World in Action's style was the opposite to its urbane BBC rival's, especially to the London BBC. By repute, especially in its early days World In Action would never employ anybody who was on first-name terms with any politician. Gus Macdonald, an executive producer of the programme, said it had been "born brash". Steve Boulton, one of its last editors, wrote in The Independent that the programme's ethos was to "comfort the afflicted - and afflict the comfortable." Paul Greengrass told The Guardian in June 2008 that the chairman of Granada TV once told him: "Don't forget, your job's to make trouble."

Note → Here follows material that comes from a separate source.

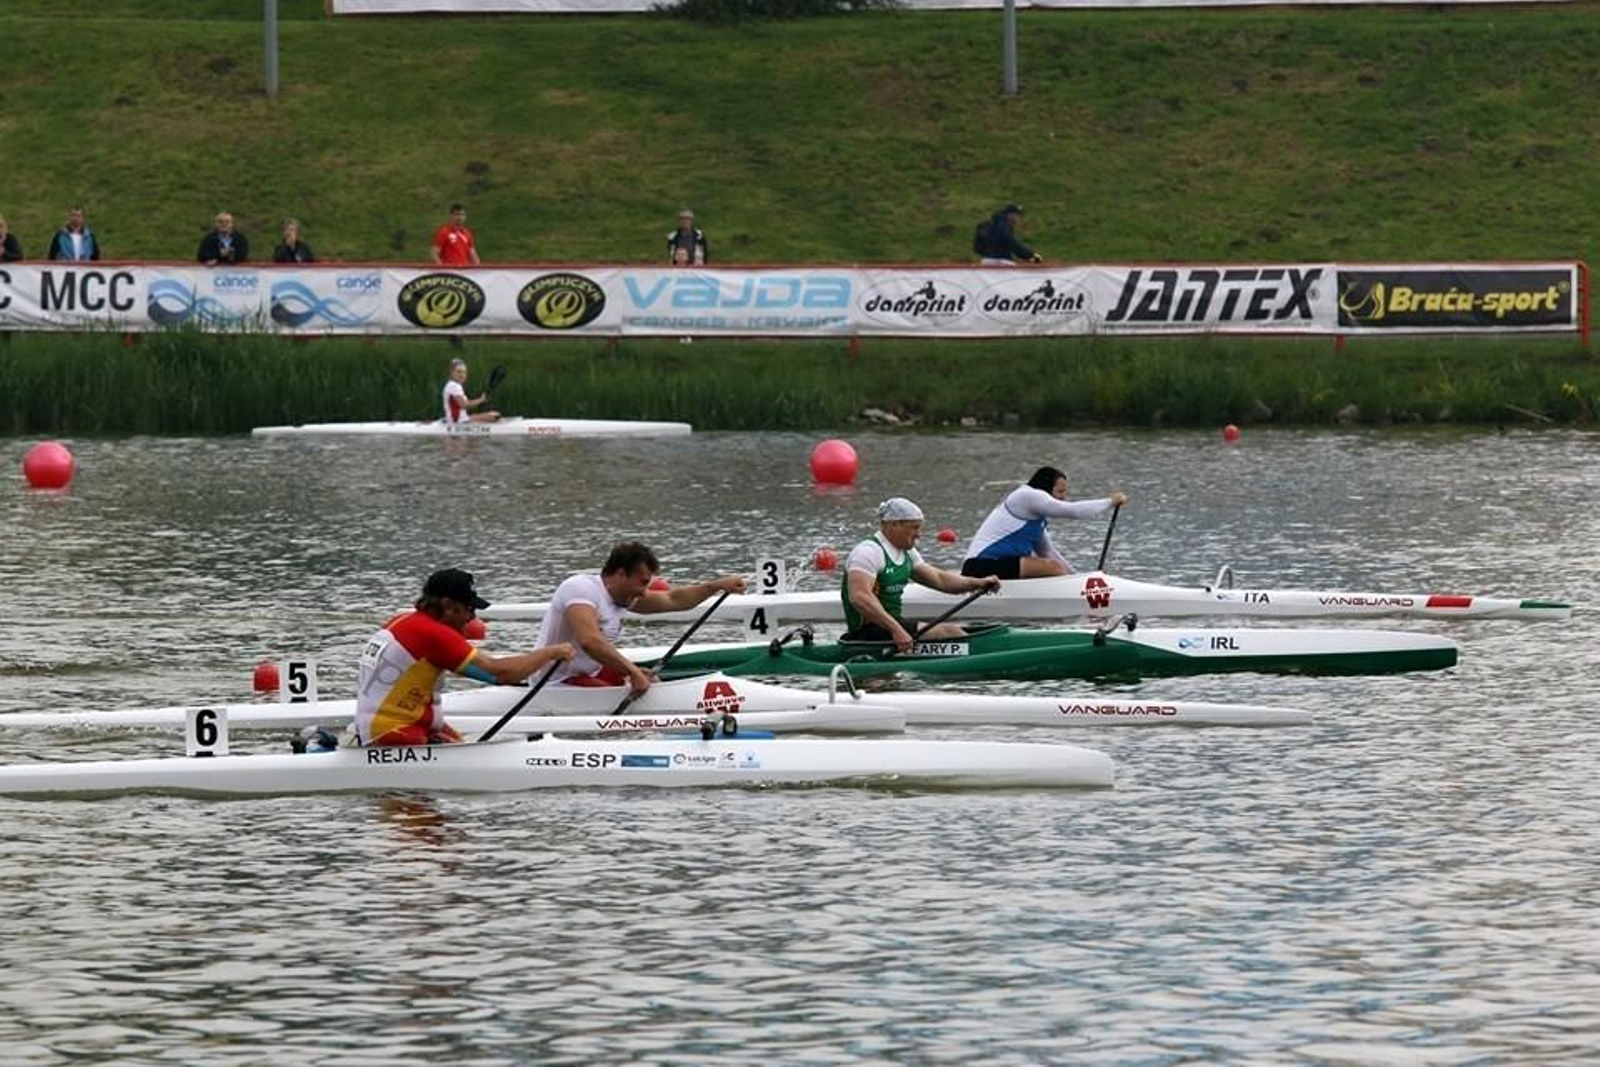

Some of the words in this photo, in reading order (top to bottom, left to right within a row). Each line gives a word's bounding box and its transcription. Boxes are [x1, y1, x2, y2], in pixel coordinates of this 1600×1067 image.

World in Action out-lasted all of its contemporaries in ITV current affairs, killed off as the commercial pressures on the network grew with the arrival of multi-channel TV in the UK. Eventually World In Action, too, was removed from the schedules by its own creator, Granada TV, following pressure from the ITV Network Centre. World In Action, with its worldwide view and coverage, was replaced in the schedules by Tonight.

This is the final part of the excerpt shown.